The Queen awarded Professor Budd his honour, at a ceremony that lasted around an hour. He was accompanied on the day by his wife, daughter and mother.

Bath Taps into Science

Professor Budd is one of the founders of Bath Taps into Science, a major hands-on science festival which has won several national prizes in the 14 years it has been running.

The week of events aims to show students and families how the science and maths that they learn at school can be applied to the wider world and to inspire them to want to become a ‘scientist’ or ‘mathematician’.

In 2010, Professor Budd led the hands on maths exhibition 'Living in a Complex World' which was part of the Royal Society’s 350th anniversary celebration, attended by 70,000 members of the public. Following its success, the team has since taken it to Manchester, Japan, Canada, Ireland and (every year from 2011) to the Big Bang Fair, at which it has been presented to 300,000 members of the general public.

Influencing mathematics education

As a Higher Education Academy National Teaching Fellow he set up a Communicating Maths undergraduate course and, as the Royal Institution Professor of Maths since 2000, has spoken at maths masterclasses around the country. He recruits students from the UK maths community to give talks to the general public and works tirelessly for public engagement to be regarded as important as other aspects of academia. In 2013 he was the mathematical consultant for the 150th anniversary of the London Underground, designing a maths trail for the underground network.

He is very active in both the Institution of Mathematics and its applications (initiating and co-directing the first UK Festival of Maths in July 2014 and as Vice-President coordinating a year-long celebratory event for its 50th anniversary); and the London Mathematical Society for which he was Education Secretary. He was also part of the small team which produced the well-regarded Vorderman report on the state of maths in schools commissioned by Michael Gove.

From meteorology to WiFi

Professor Budd has published over 100 research papers, raised over £5m in research funding and founded (and still runs) the University’s MSc in Modern Applied Mathematics. His work has always been centred on making mathematics directly relevant to the needs of society, and he collaborates closely with many different industries and bodies to do this, working on problems as varied as microwave cooking, cancer treatment, land mine detection and how to make WiFi more reliable.

He is currently working on solving problems in meteorology and climate change, and his close collaboration with the Met Office has helped to improve weather forecasting accuracy. He co-founded an international network which brings together mathematicians working in climate change with policy-makers (and leads its outreach programme). He is also the UK lead on a Marie Curie network, which trains many PhD students across Europe.

"An amazing day"

Professor Budd said: “It was an amazing day - I met lots of incredible people who’d done wonderful things.

“I was very honoured to meet the Queen herself and she seemed very interested in the Bath Taps into Science fair.”

Commenting on his work in communicating mathematics to the public, Professor Budd said: “I try to show people that maths is all around them and relevant to the real world.

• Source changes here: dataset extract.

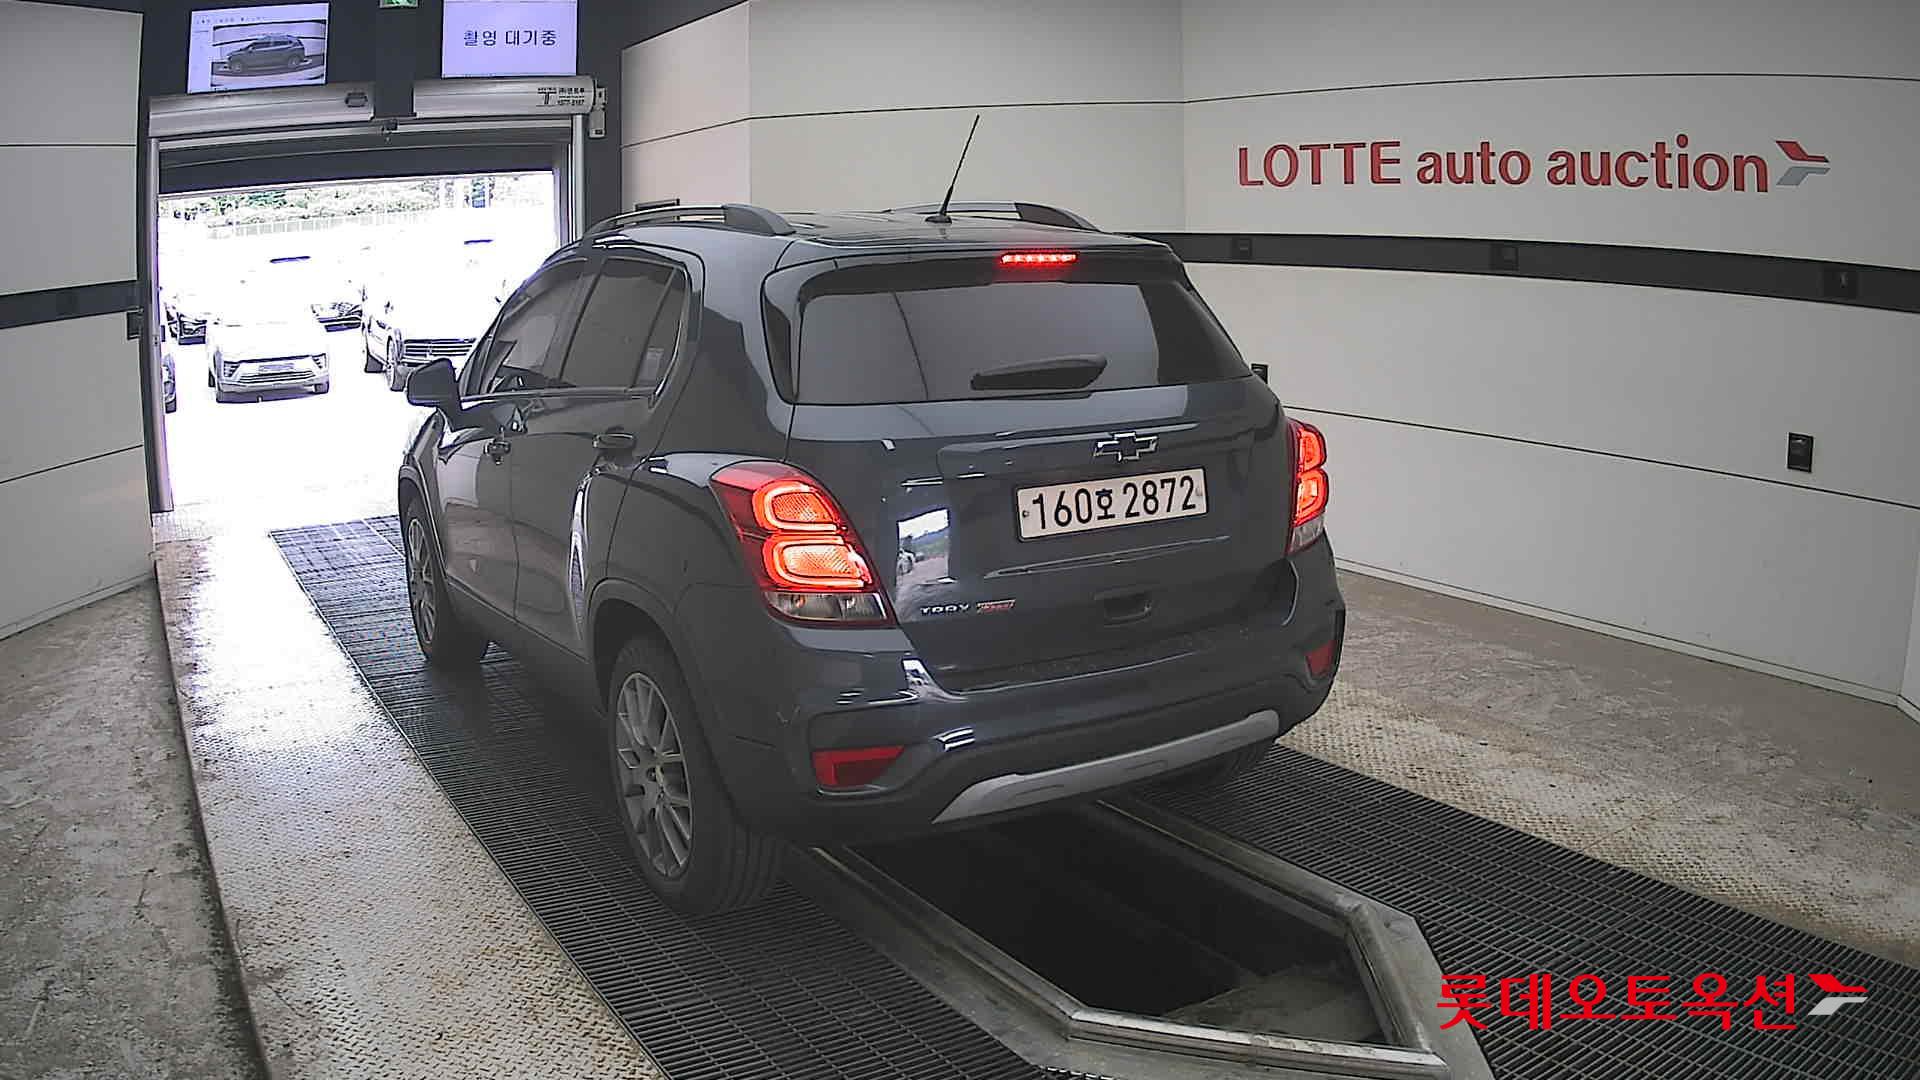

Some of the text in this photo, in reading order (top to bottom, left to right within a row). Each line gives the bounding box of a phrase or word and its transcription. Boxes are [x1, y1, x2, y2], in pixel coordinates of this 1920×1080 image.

“Teachers should be given the opportunity to explore the creative side of mathematics, rather than teaching it in the traditional rather formulaic way.

“Maths is increasingly important in our lives and will become more so with the big data revolution. The University of Bath is engaging strongly with this, with next week’s launch of the Bath Institute for Mathematical Innovation which will put mathematicians in touch with industry to work on real life problems.”

Professor Budd will also be awarded a prize for Mathematical Communication by the London Mathematical Society, the leading academic society for mathematicians, on 13 November.